From the air, it’s clear
that Ireland and his team have their hands full. On a flight funded by
the U.S. Forest Service, Ireland identifies dozens of potentially
illegal marijuana farms scattered in the mountains near Eureka . While
Humboldt County’s marijuana is legendary for its quality, the terrain
doesn’t lend itself well to farming. Trees cover the steep hillsides,
and getting supplies from town can mean hours of driving. And forget
about getting access to legal irrigation water in many places. If
growers want water, they often just steal it from rivers, police said.
“It’s basically been unregulated agriculture,” Brady said.
'Long view'
Using
environmental and business-regulation laws to fight these operations
has local lawmakers hopeful. But even with better tools at hand, they
face the daunting and possibly insurmountable challenge of better-funded
growers.
The new county rules, authorized by a
broader statewide law, require growers to register industrial-scale
cannabis operations and to comply with basic environmental regulations,
the same kinds of rules that conventional farmers or orchards have to
follow.
Since the country rules took effect in
January, about 40 growers have completed the registration process.
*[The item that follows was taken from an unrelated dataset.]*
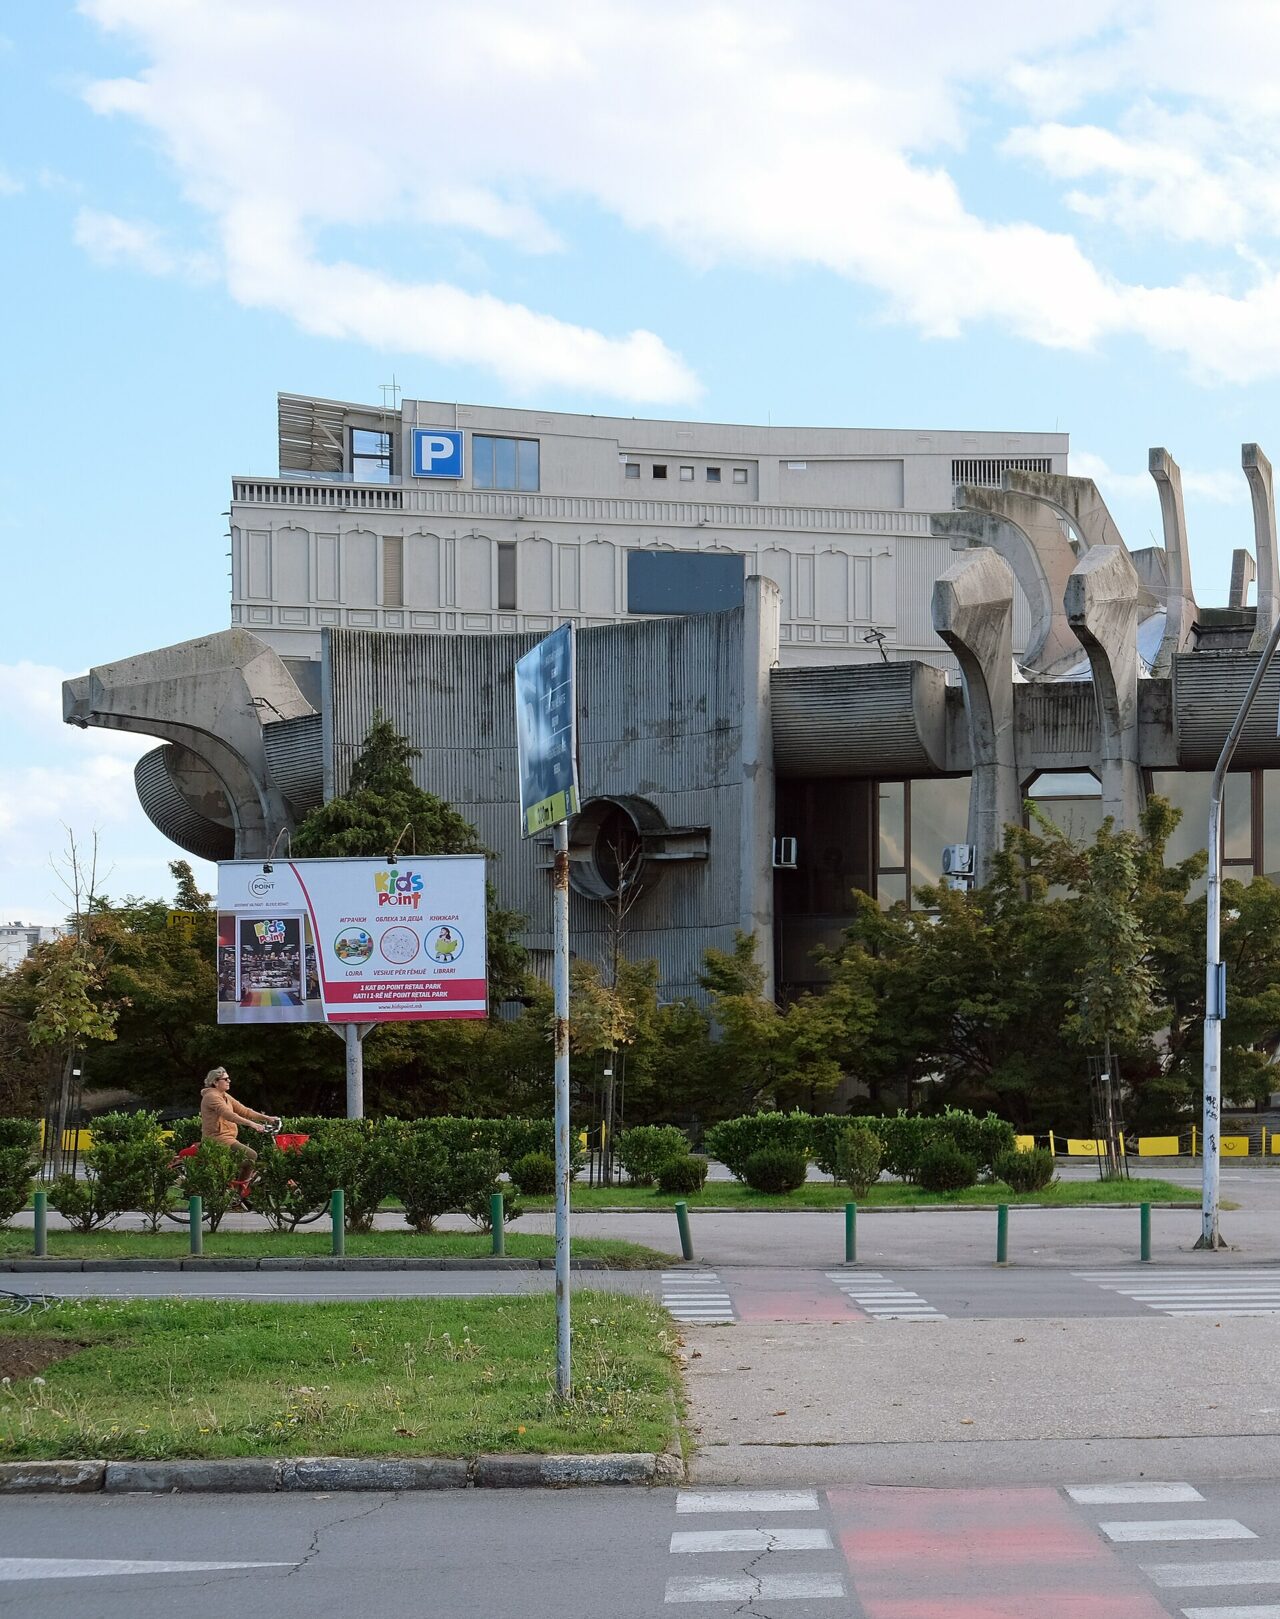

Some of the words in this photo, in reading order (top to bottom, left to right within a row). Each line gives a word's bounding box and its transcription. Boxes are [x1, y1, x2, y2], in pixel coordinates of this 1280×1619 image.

[421, 435, 454, 471] P
[374, 869, 424, 895] Kids
[378, 891, 421, 909] Point
That’s a literal drop in the bucket, but it's a start.
“This
has been an issue that’s developed over four decades. It started out as
a little here and a little there but it became very businesslike.
People are making a lot of money, so over time, specifically in the past
10 years, there’s been something akin to a green rush," said Humboldt
County's Fennell.
Fennell said the new county rules
are intended to take a “long view” of the problem and will likely take
years to have a significant impact. The rules require growers to
cultivate marijuana only in prime farmland, which could make most of the
county’s mountainous areas off-limits.
Marijuana-industry
analyst John Kagia, who visited Humboldt County this summer, predicts
the county’s new regulations will only persuade a small number of
growers to cooperate. Steep black-market profits will likely prove too
tempting for some growers, and they’ll just continue to run the risk of
getting caught, including those who illegally farm in the national
forest.
“The reality is that enforcement of
regulations is still going to face vast challenge, because those
(black-market) growers have the least motivation to transition into the
regulated market,” said Kagia, executive vice president of industry
analytics for marijuana-data firm New Frontier Data.
The
county hopes to slowly shift Humboldt County to a system where
responsible growers are officially welcomed and irresponsible growers
are forced out through a combination of targeted enforcement.
Watching
from the sky as thousands of marijuana plants soak up the afternoon
sun, Ireland marvels at the enormity of the task facing police and
regulators. He has seen the crime that accompanies black-market
marijuana. Those growers know what they're doing is illegal. Few care,
he said.
“Those guys are making millions of dollars each year,” he said. “They're going to fight for what they have."